Agosta back with Team Canada
Agosta back with Team Canada
Took season off to become a police officer
She hasn’t slept a lot in the past year.
She has been trying to adjust to shift work.
And she’s the new kid on the block, working hard to learn the ins and outs of her chosen career and make an impression. Agosta, well known in the hockey world as one of Canada’s best female players, has been a constable with the Vancouver Police Department for just over two months.
Agosta admits the past year has been hard but she wouldn’t have it any other way.
“I have only been on the road now, as a full constable, for two-and-a-half months,” says Agosta, 28, who is a three-time Olympian. “Just getting to know my squad and being so junior, having to work long hours and staying late doing overtime, not getting that much sleep. The shift work is something that you have to get used to. It’s been tough and I’m trying to find the balance to go to the gym and train hard and prepare. I’m really excited to see what the future holds.”

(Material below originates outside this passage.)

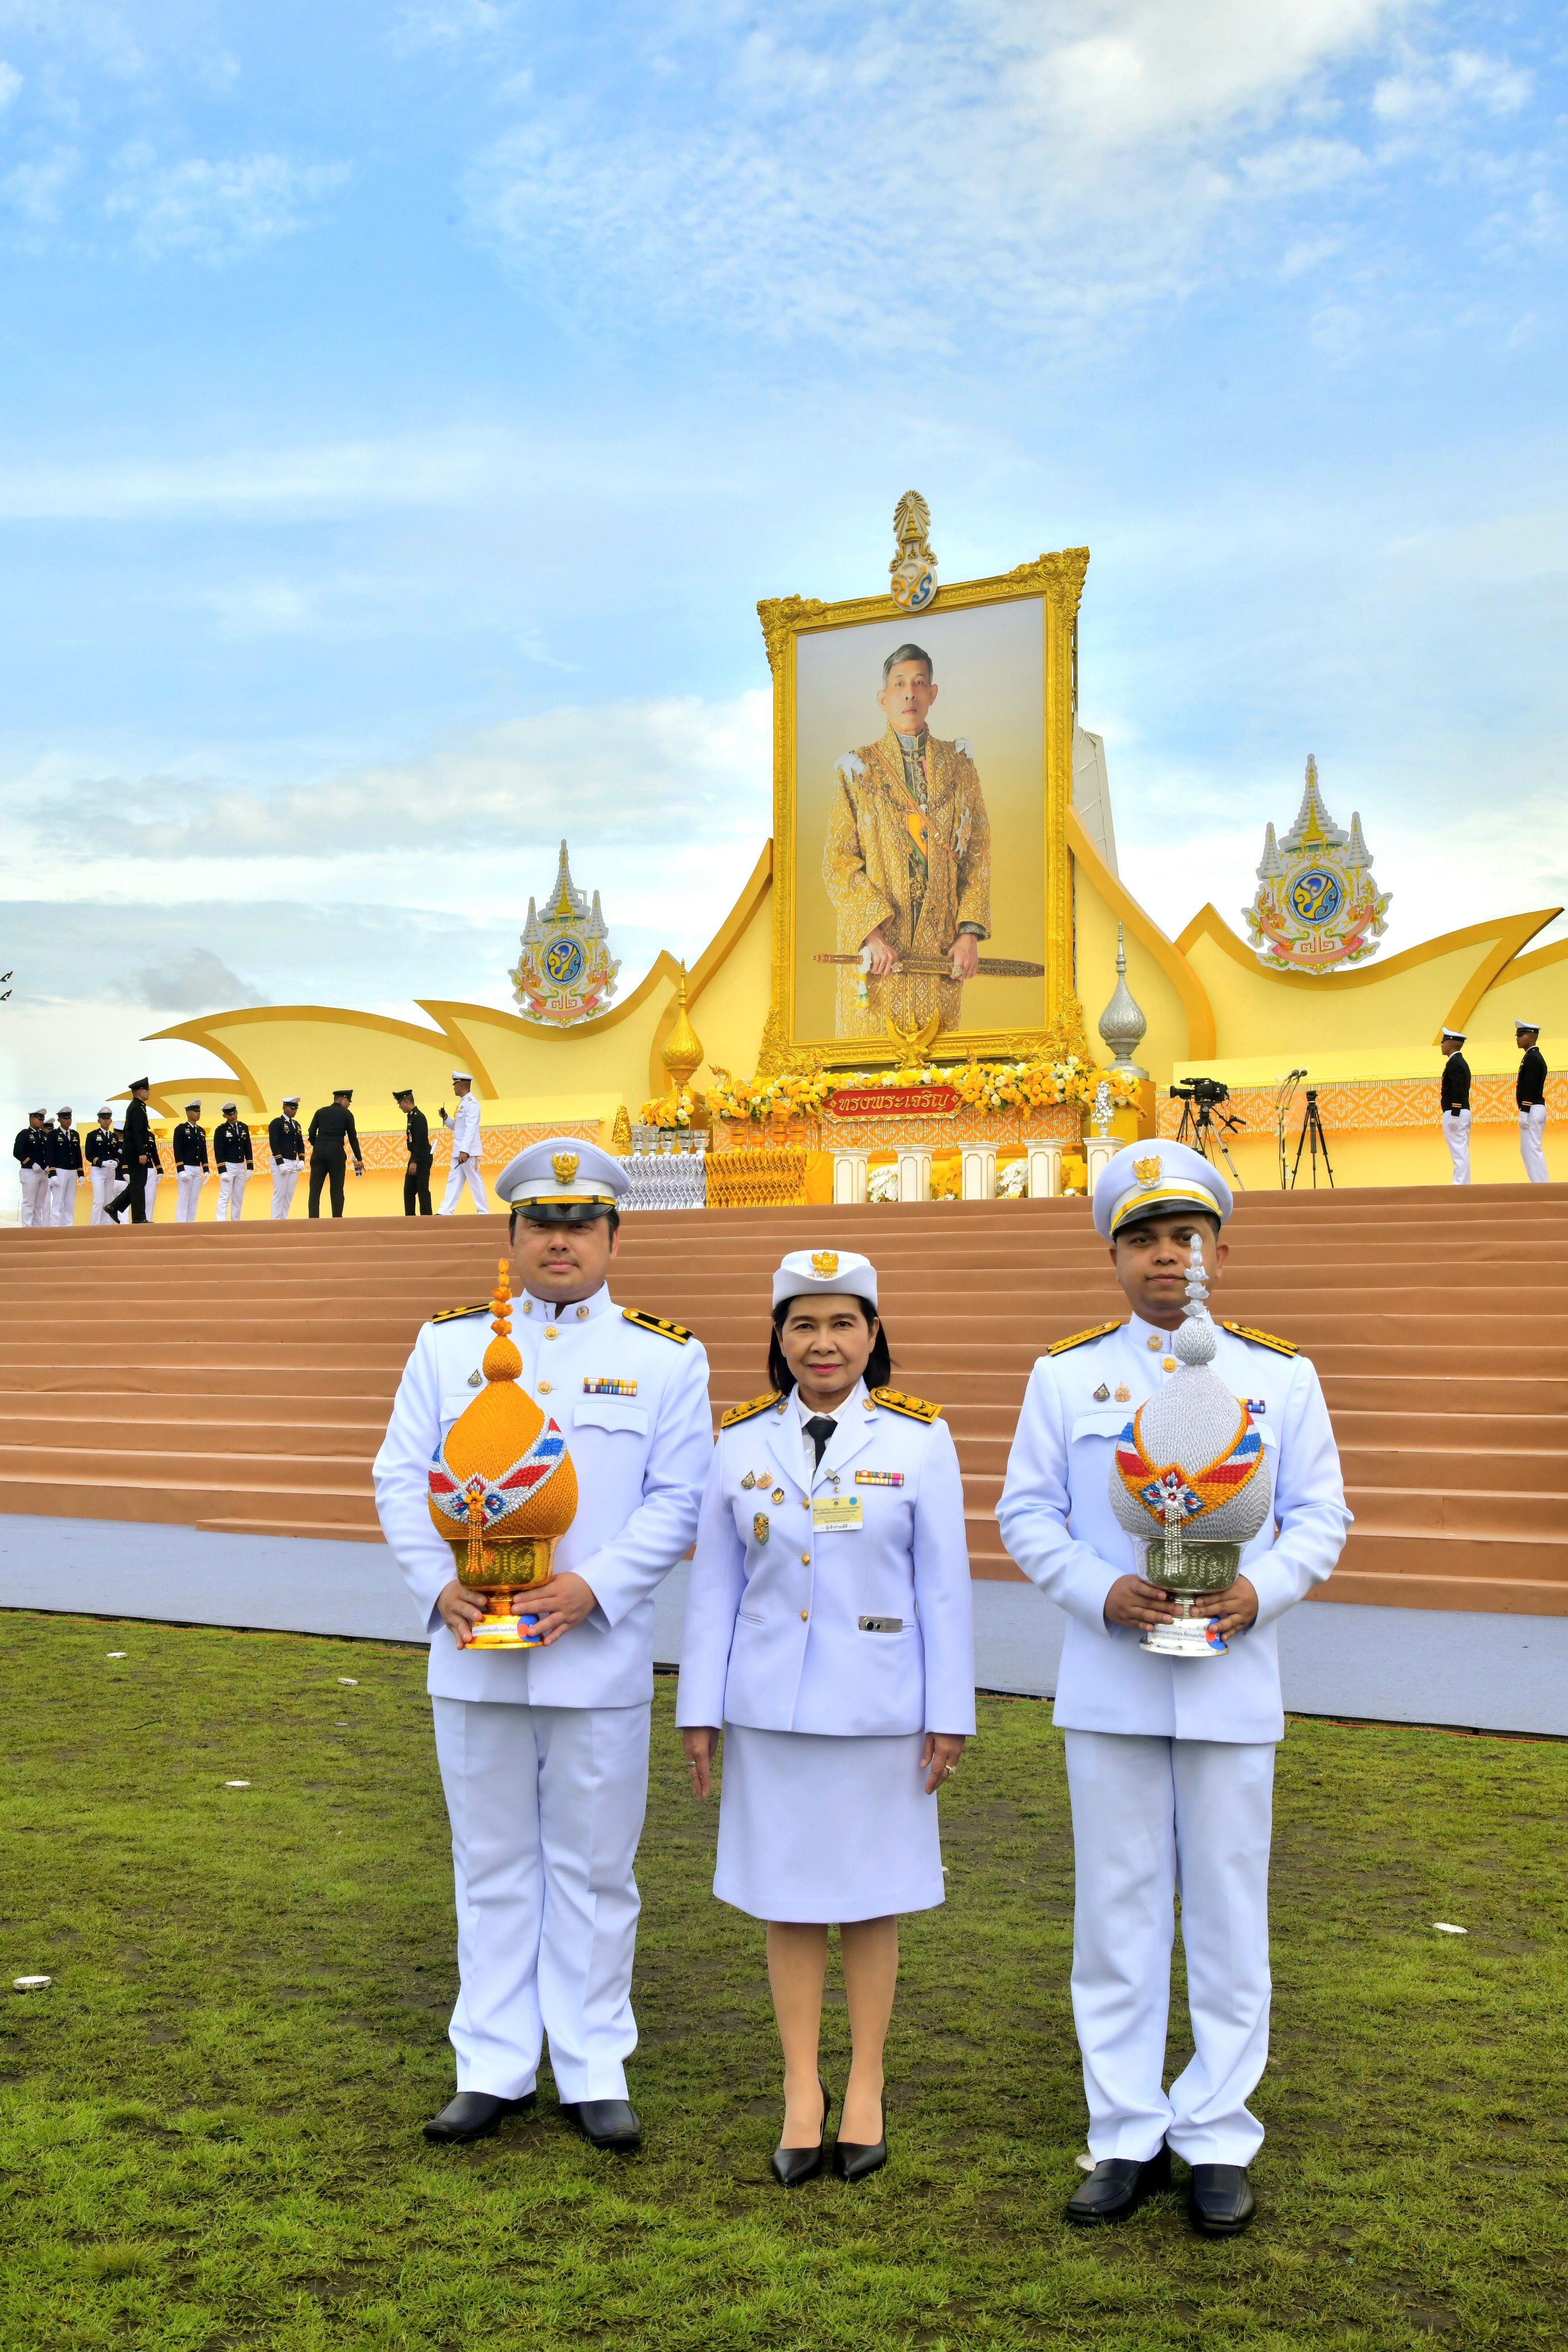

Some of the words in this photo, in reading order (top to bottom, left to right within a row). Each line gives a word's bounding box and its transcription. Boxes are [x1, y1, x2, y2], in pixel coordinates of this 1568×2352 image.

[838, 1090, 950, 1111] ทรงพระเจริญ

Agosta has been away from Canada’s national women’s team for about a year. In September 2014, just months after winning gold with Canada at the 2014 Olympics in Sochi, Agosta was sworn in as one of the new recruits of the Vancouver Police Department.
She then spent nine months training with the academy (“where you’re learning how to shoot, how to drive, how to articulate, how to use the radio”) before graduating in May 2015.
“I’ve had two passions and that’s hockey and policing,” says Agosta.
Agosta was one of 47 players at last week's Hockey Canada fall festival, which is the first step of the Canadian women’s national team’s season leading to the 2016 IIHF World Women’s Championships in Kamloops, British Columbia. She helped Team Red to a perfect 4-0 record in games against Team White and two Midget AAA boys clubs.
“I have been so fortunate that Hockey Canada gave me that year off and believed in me to go and pursue my career,” says Agosta. “They knew that I would come back. And now the Vancouver Police are supporting me by allowing me to come to the different camps that Hockey Canada invites me too. They know that I still want to be a part of Team Canada and go to another Olympics. So to be able to have the support from both is unbelievable.”
Agosta’s goal is to play with Canada at the 2018 Games in PyeongChang, South Korea and she has done her best to stay in shape to ensure a smooth transition back to the women’s team.
During Agosta’s time at the academy, she was a member of the Vancouver Centurions hockey club, made up of police officers. The pace was fast as a number of the players have professional, junior and collegiate hockey experience.
“It’s great hockey. I know a lot of guys are ex-pro guys or ex-Division 1 guys,” says Agosta. “It kind of reminds me of when we get centralized and we play against the Midget AAA boys. The skills are like that but better. They’re stronger, they’re faster, they have longer reaches.”
“This year I’m going to try and get on with a Midget AAA team or maybe a junior team and just practise with them. It’s unfortunate that we don’t have a women’s team in Vancouver but I’m fortunate that the guys allow me to play and practise with them to keep me up to speed.”
Agosta and her teammates will play four games this week as part of the fall festival. Canada’s 47 players have been split into Teams Red and White and they will be joined by two Midget AAA boys teams for a mini tournament. Each team will play four games this week.
Although Agosta has been away from Team Canada for a year, she will be looked at as one of new leaders. Last week, Hockey Canada announced the retirements of Jayna Hefford, Gillian Apps and Catherine Ward. Hefford and Apps were long-time leaders with the national team.
Agosta won gold at the 2006, 2010 and 2014 Olympics. She became a household name in 2010 when she was named MVP of the 2010 Games in Vancouver after scoring nine goals and adding six assists in just five games.
At 28, and with that experience under her belt, Agosta is sure to be one of Canada’s leaders through to the next Olympics.
“I’m definitely excited to take on a leadership role here,” she says. “I’m more than honoured to do so. It would be an honour to wear a letter here and be a part of that. But that’s not really what I’m focused on. I’m still going to lead by example no matter what.”